Human resources for health density and its associations with child and maternal mortality in the Islamic Republic of Iran

2021 
Background The Family Physician and Social Protection Scheme for Iranian rural inhabitants was launched in June 2005 to improve physician density. To our knowledge, a comprehensive study of the impact of the Scheme on mortality-related health indicators has not been conducted. Aims To investigate the effects of health workforce density on maternal, neonatal, infant and under-5 mortality rates in rural areas of the Islamic Republic of Iran between 2005 and 2011. Methods We built mixed-effects Poisson regression models including mortality measures as response variables and physician and behvarz (community-based health worker) densities as independent variables, using data from the Iranian Vital Horoscope tool, annual Households Income and Expenditure Survey, and DTARH software. We also included population sizes, age of inhabitants, rate of urbanization, years of schooling, and wealth index in each district, as well as effect of time, as covariates.

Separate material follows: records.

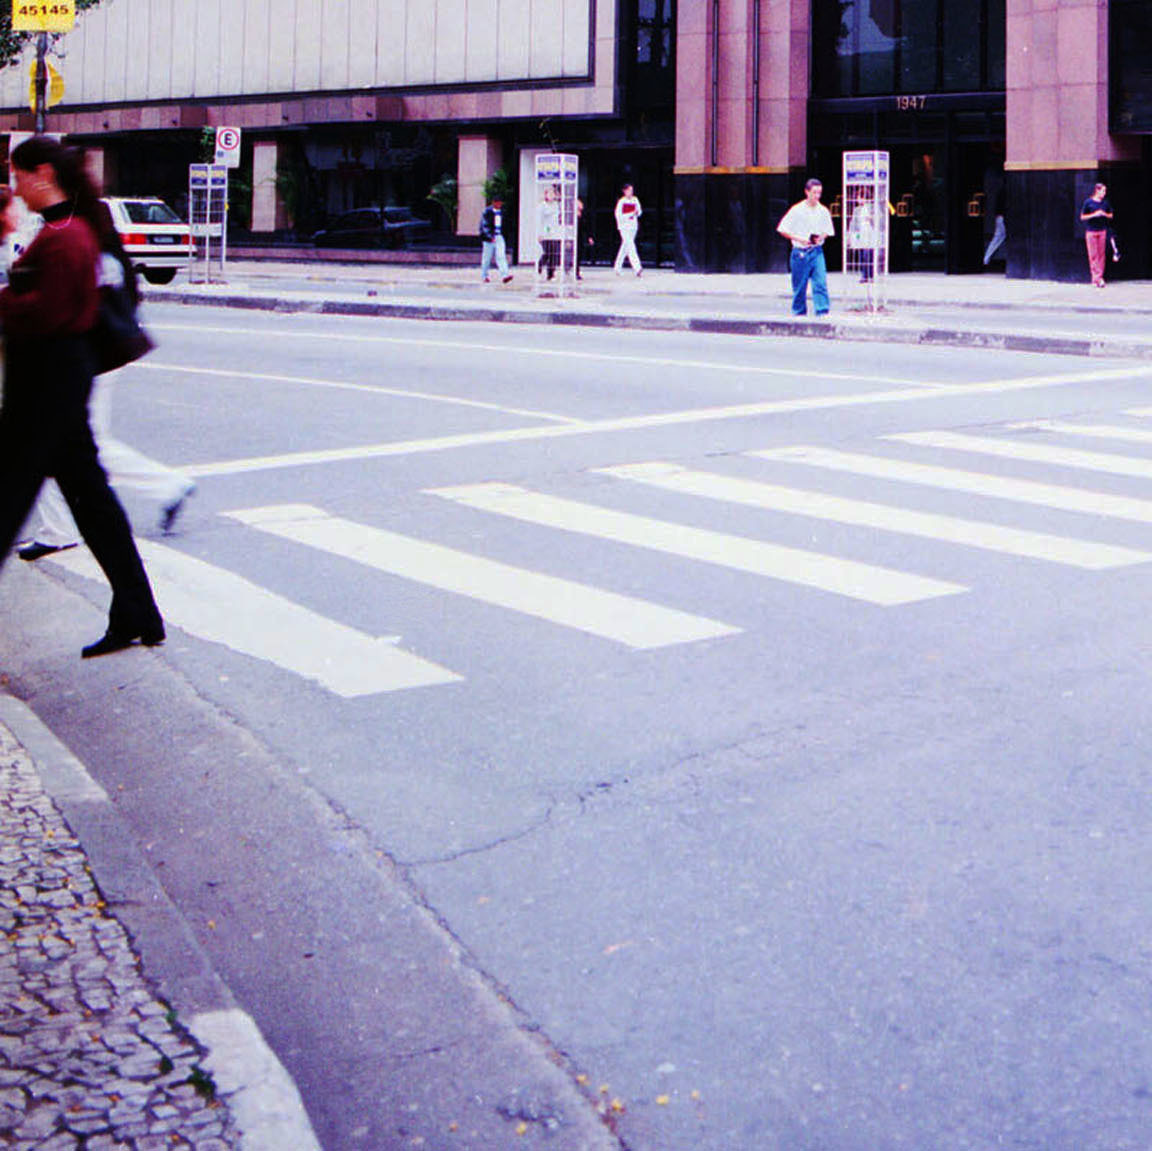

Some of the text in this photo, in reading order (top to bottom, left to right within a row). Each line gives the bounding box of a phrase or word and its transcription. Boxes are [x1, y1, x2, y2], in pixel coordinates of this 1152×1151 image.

[18, 5, 69, 16] 45145
[896, 95, 927, 111] 1947
[224, 133, 233, 146] E
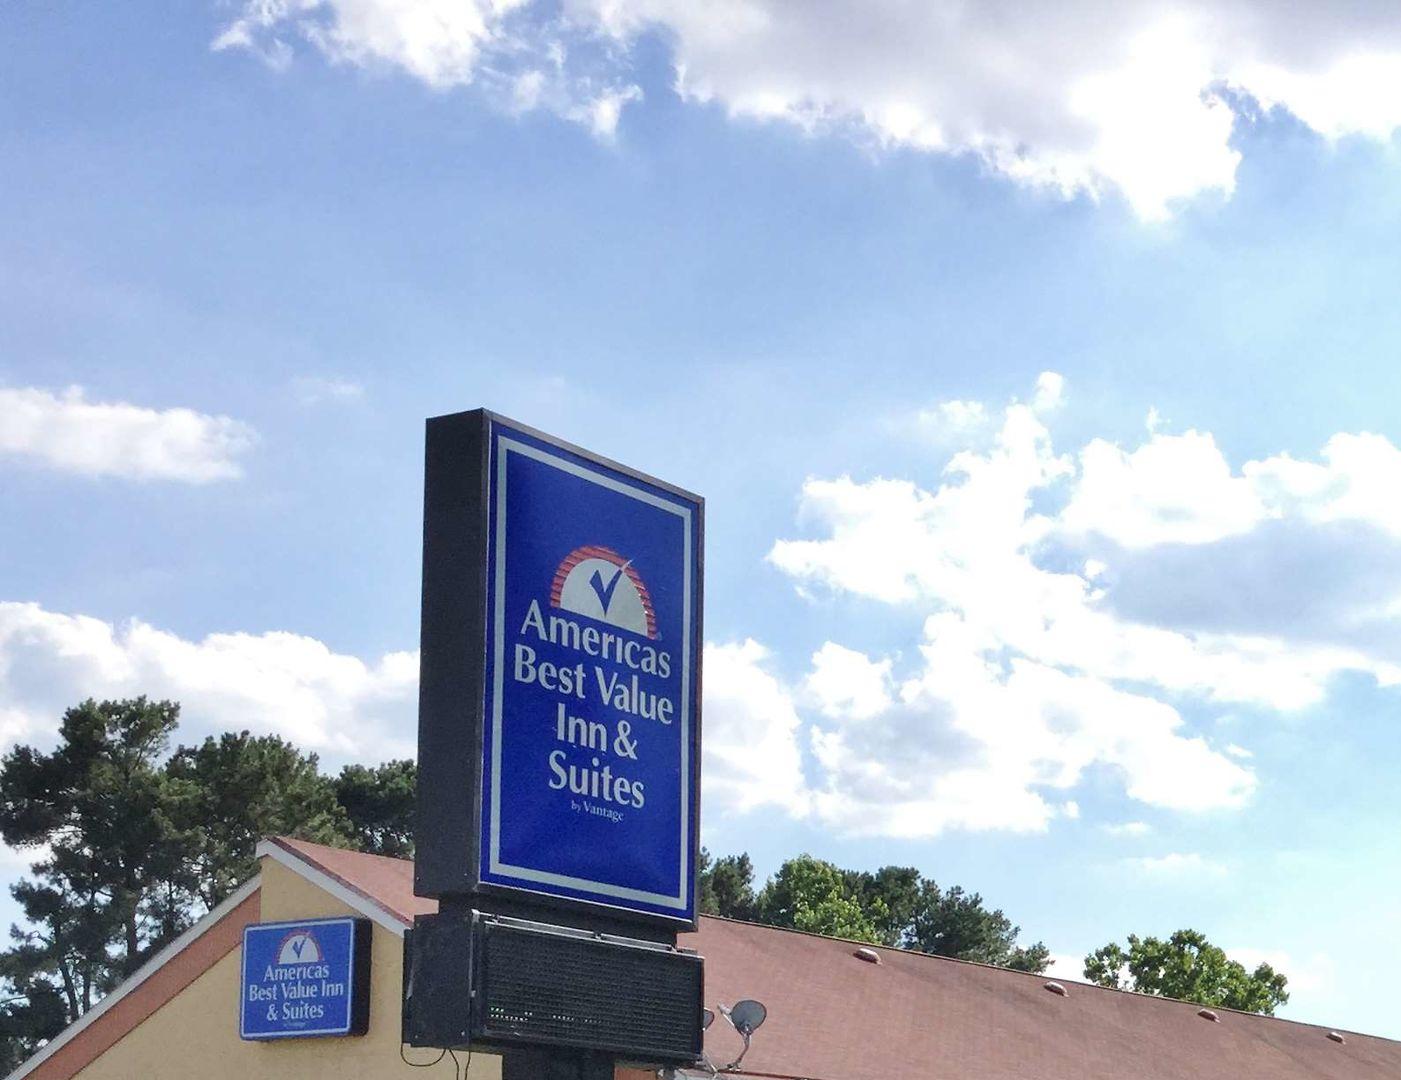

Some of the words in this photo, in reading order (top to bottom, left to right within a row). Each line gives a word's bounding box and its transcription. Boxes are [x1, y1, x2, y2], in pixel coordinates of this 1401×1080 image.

[520, 599, 671, 679] Americas
[514, 643, 586, 699] Best
[594, 666, 673, 724] Value
[556, 702, 608, 752] Inn
[613, 720, 639, 760] &
[548, 750, 645, 809] Suites
[571, 800, 581, 814] by
[583, 800, 625, 823] Vantage
[249, 984, 278, 1001] Best
[280, 980, 318, 1000] Value
[321, 980, 344, 997] Inn
[263, 964, 330, 982] Americas
[266, 1003, 279, 1021] &
[282, 1000, 324, 1020] Suites
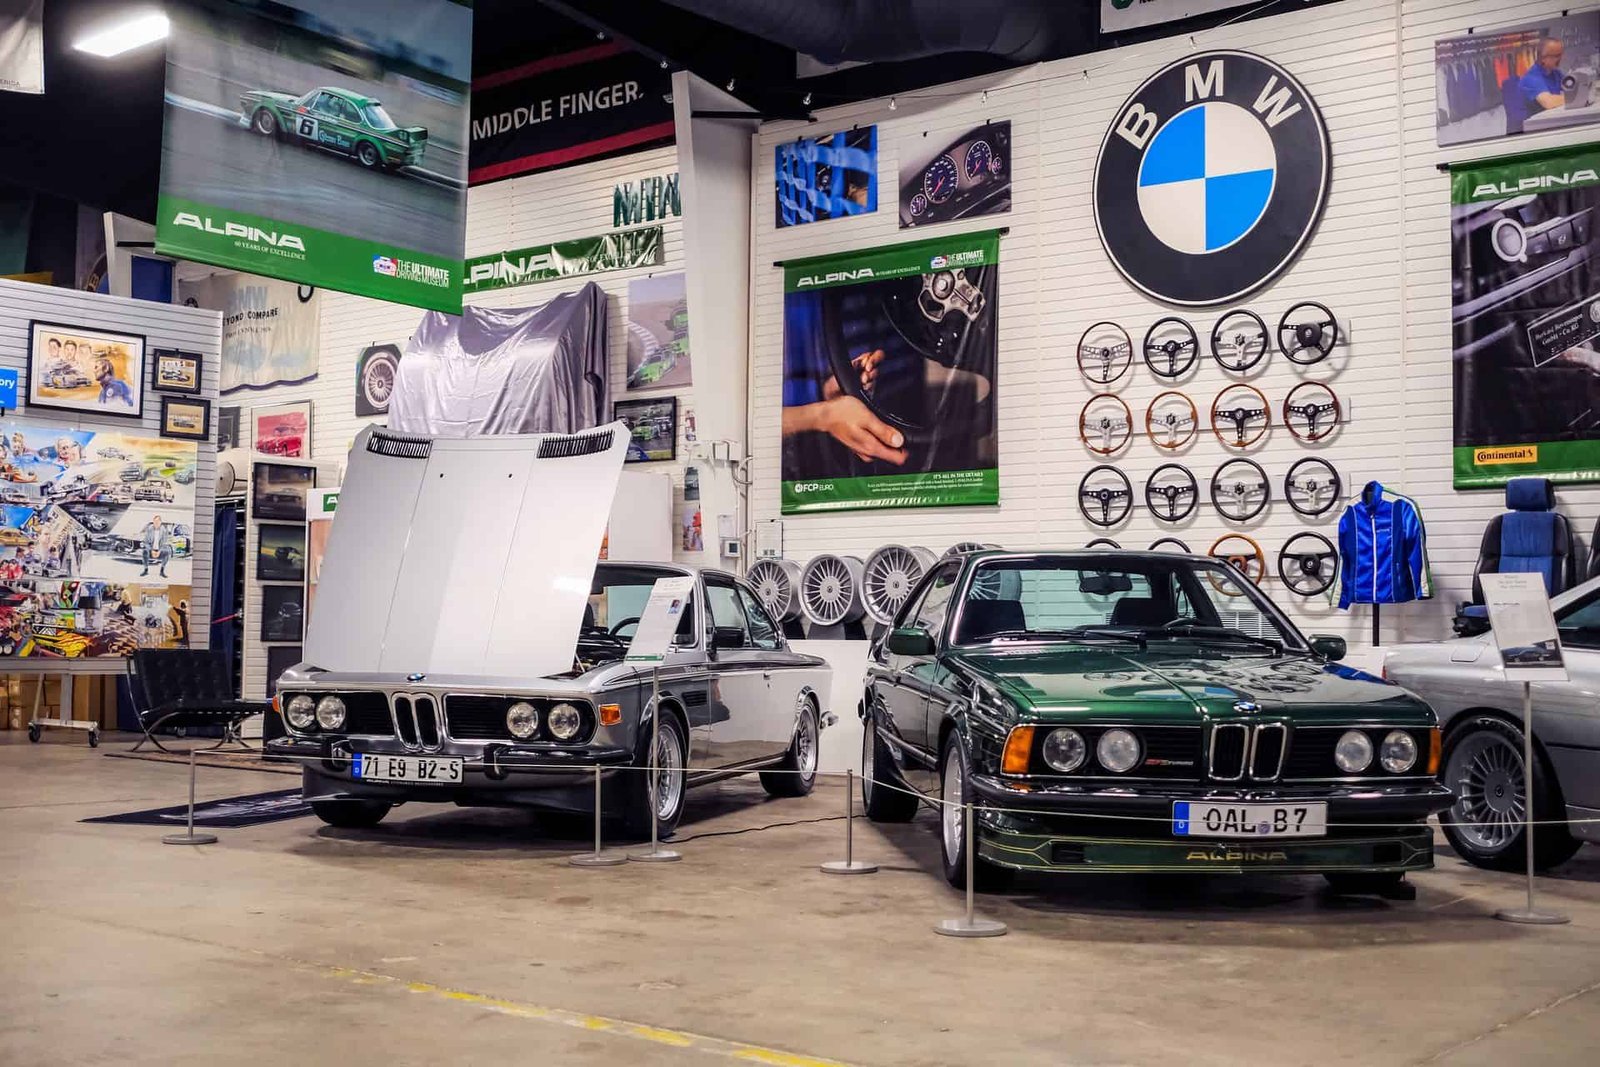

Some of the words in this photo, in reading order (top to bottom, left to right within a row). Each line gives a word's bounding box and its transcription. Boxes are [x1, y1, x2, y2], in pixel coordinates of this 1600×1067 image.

[1115, 59, 1302, 150] BMW
[300, 118, 315, 136] 6
[472, 99, 553, 141] MIDDLE
[1472, 169, 1600, 198] ALPINA
[173, 212, 306, 252] ALPINA
[241, 241, 261, 251] YEARS
[261, 246, 269, 254] OF
[270, 247, 306, 261] EXCELLENCE
[397, 259, 411, 272] THE
[411, 262, 450, 280] ULTIMATE
[797, 268, 875, 288] ALPINA
[421, 275, 450, 288] MUSEUM
[247, 307, 279, 320] COMPARE
[1477, 449, 1526, 463] Continental
[803, 483, 819, 492] FCP
[364, 756, 379, 777] 71
[388, 758, 407, 779] E9
[1206, 808, 1257, 833] OAL
[1186, 851, 1288, 861] ALPINA

Results Physician density was significantly associated with child mortality rates (1.5%, 1.1% and 63.5% decrease in neonatal, under-5 and maternal mortality with a 1-unit increase in physician density per 1000 individuals). In the model built for infant mortality rate, physician density and behvarz densities were not significantly associated with this measure. Conclusions Improving the distribution of family physicians was associated with lower child and maternal mortality. Improvements in behvarz densities were not associated with decrements in these rates, which probably calls for improvement in access to more professional health services and facilities.